Che l’Unione Europea punti ad una riduzione drastica delle emissioni di CO2 e ad una limitazione forte degli agenti inquinanti non è un mistero. Anni e anni di politiche comunitarie sono state incentrate sull’obiettivo della neutralità climatica nel 2050, in questo senso la Commissione raccomanda una riduzione netta delle emissioni di gas a effetto serra del 90 % entro il 2040 rispetto ai livelli del 1990, un goal non facile da ottenere che prevede il coinvolgimento di tutti i settori. La prima data di scadenza di questo percorso è però dietro l’angolo, la riduzione delle emissioni del 55% entro il 2030 lascia poco spazio ai ripensamenti e preoccupa non poco le attività interessate.

Il Fondo sociale per il clima e il Fondo per una transizione giusta sono due esempi di politiche che già in questo decennio aiuteranno i cittadini, le regioni, le imprese e i lavoratori, ma alcune direttive destano preoccupazione soprattutto per aziende di piccole-medie dimensioni. La difficile ricerca di un equilibrio tra la transizione ecologica e la tenuta del sistema economico è un tema centrale nel dibattito pubblico, spesso la polarizzazione sembra rendere impossibile il punto d’incontro.

La Direttiva sulle Emissioni Industriali (IED)

Il dialogo aperto tra le istituzioni dell’Unione Europea e i territori sulla carta viene descritto come una priorità, ma talvolta tenere insieme istanze contrapposte è pressoché impossibile. ll Parlamento Europeo ha approvato in via definitiva l’accordo raggiunto con gli Stati membri sulla revisione della direttiva sulle emissioni industriali (IED) con 393 voti favorevoli, 173 contrari e 49 astensioni, e del regolamento sul nuovo Portale delle emissioni industriali con 506 voti favorevoli, 82 contrari e 25 astensioni. Le nuove norme, come riportato sul sito del Parlamento Europeo, “vogliono ridurre le emissioni nocive degli impianti industriali e dei grandi allevamenti di suini e pollame per proteggere la salute umana e l’ambiente”. In questo caso in particolare gli allevamenti di suini e pollame vengono paragonati ad impianti industriali di ogni altro genere e di conseguenza viene chiesto un adeguamento per rendere i limiti di emissioni più stringenti.

Questa legge coinvolgerà gli allevamenti di suini con più di 350 unità di bestiame, sono invece escluse le aziende che allevano suini in modo estensivo o biologico, e quelle fanno uscire all’esterno i capi per un periodo di tempo significativo su un anno. Per il pollame, la direttiva si applica alle aziende con galline da uova in numero superiore alle 300 unità, e alle aziende con polli da carne con più di 280 unità. Per le aziende che allevano sia suini che pollame, il limite sarà di 380 unità complessive. Per il momento restano invece fuori gli allevamenti bovini, per i quali ragionamenti di questo tipo sono posticipati al 2026.
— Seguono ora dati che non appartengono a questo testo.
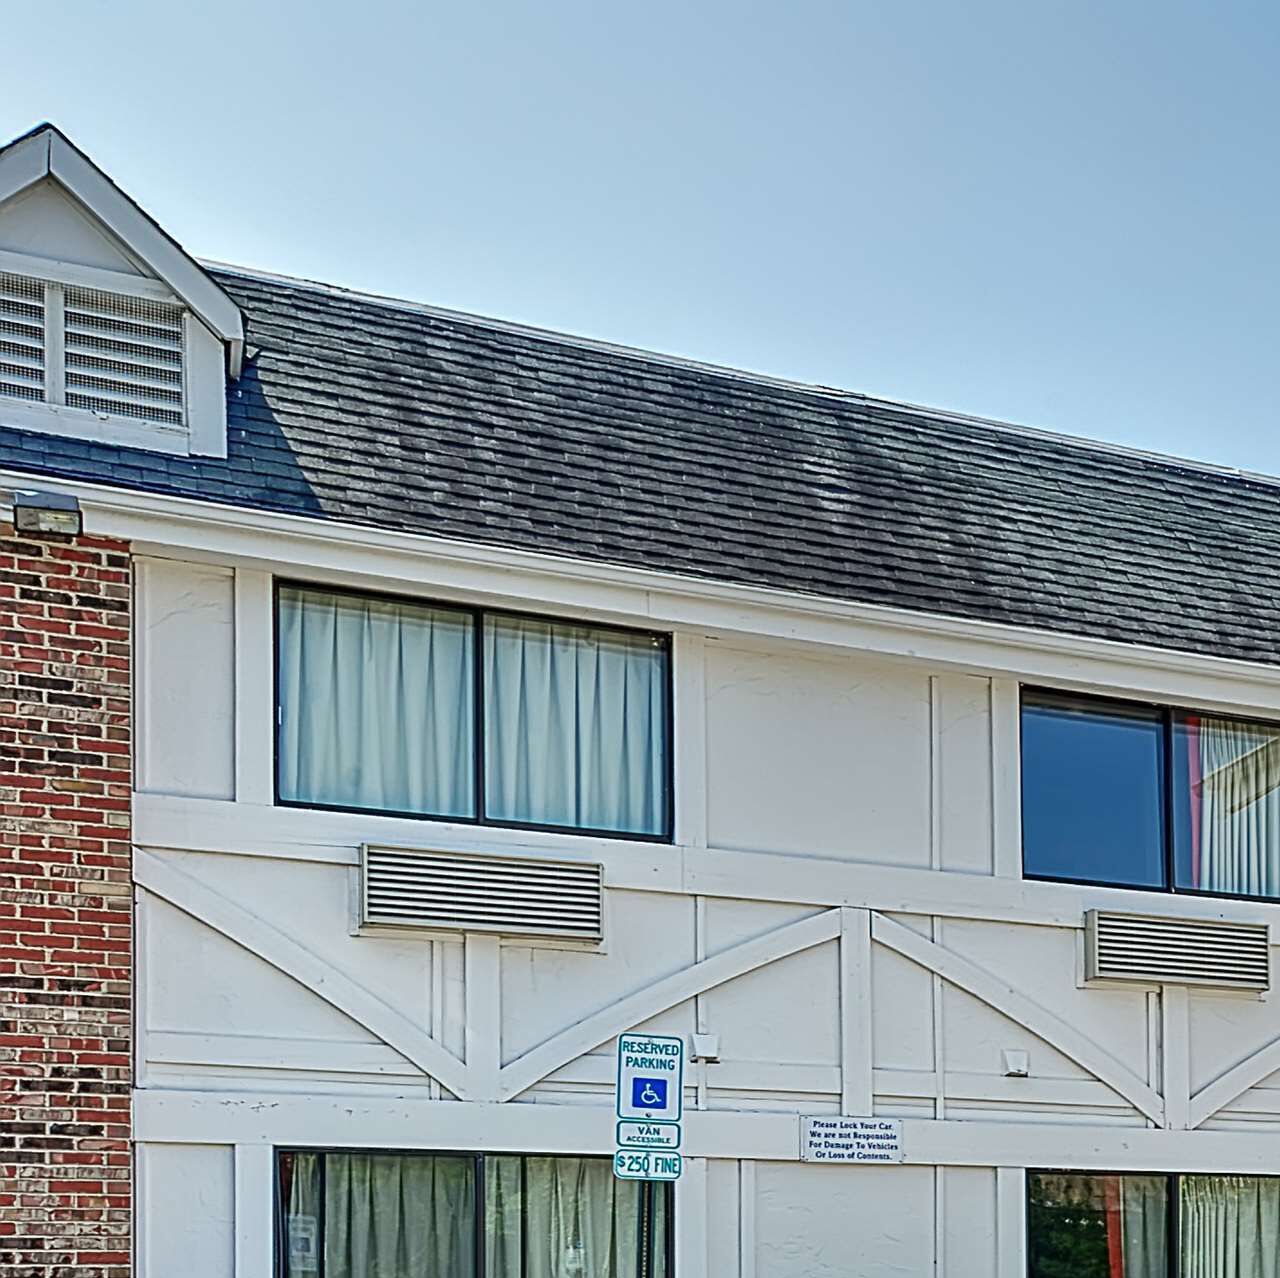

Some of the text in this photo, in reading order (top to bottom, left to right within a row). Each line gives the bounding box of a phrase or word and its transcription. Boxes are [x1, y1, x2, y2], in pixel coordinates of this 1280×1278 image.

L’opposizione di Coldiretti

L’Associazione di categoria Coldiretti si oppone duramente alla Direttiva sulle Emissioni Industriali che dal suo punto di vista andrebbe a colpire le aziende di piccole-medie dimensioni favorendo quelle di grandi e grandissime dimensioni. Coldiretti, che rinomina la direttiva “Ammazza-Stalle”, lancia un appello sottolineando il rischio per la sovranità alimentare e per la sopravvivenza di tante attività italiane, le quali subirebbero la concorrenza da parte di imprese di stati nei quali la regolamentazione è meno stringente. Ad esprimersi in merito è il presidente della Coldiretti Ettore Prandini: “Con il voto sulla direttiva emissioni industriali l’Unione Europea ha perso l’ennesima occasione di invertire la rotta, abbandonando le follie di un estremismo green che rischia di far chiudere migliaia di allevamenti, stretti tra una burocrazia sempre più asfissiante e la concorrenza sleale dall’estero. Non ci fermeremo – aggiunge Prandini – e chiederemo di intervenire al nuovo Parlamento per correggere quelle scelte che penalizzano gli agricoltori italiani ed europei”.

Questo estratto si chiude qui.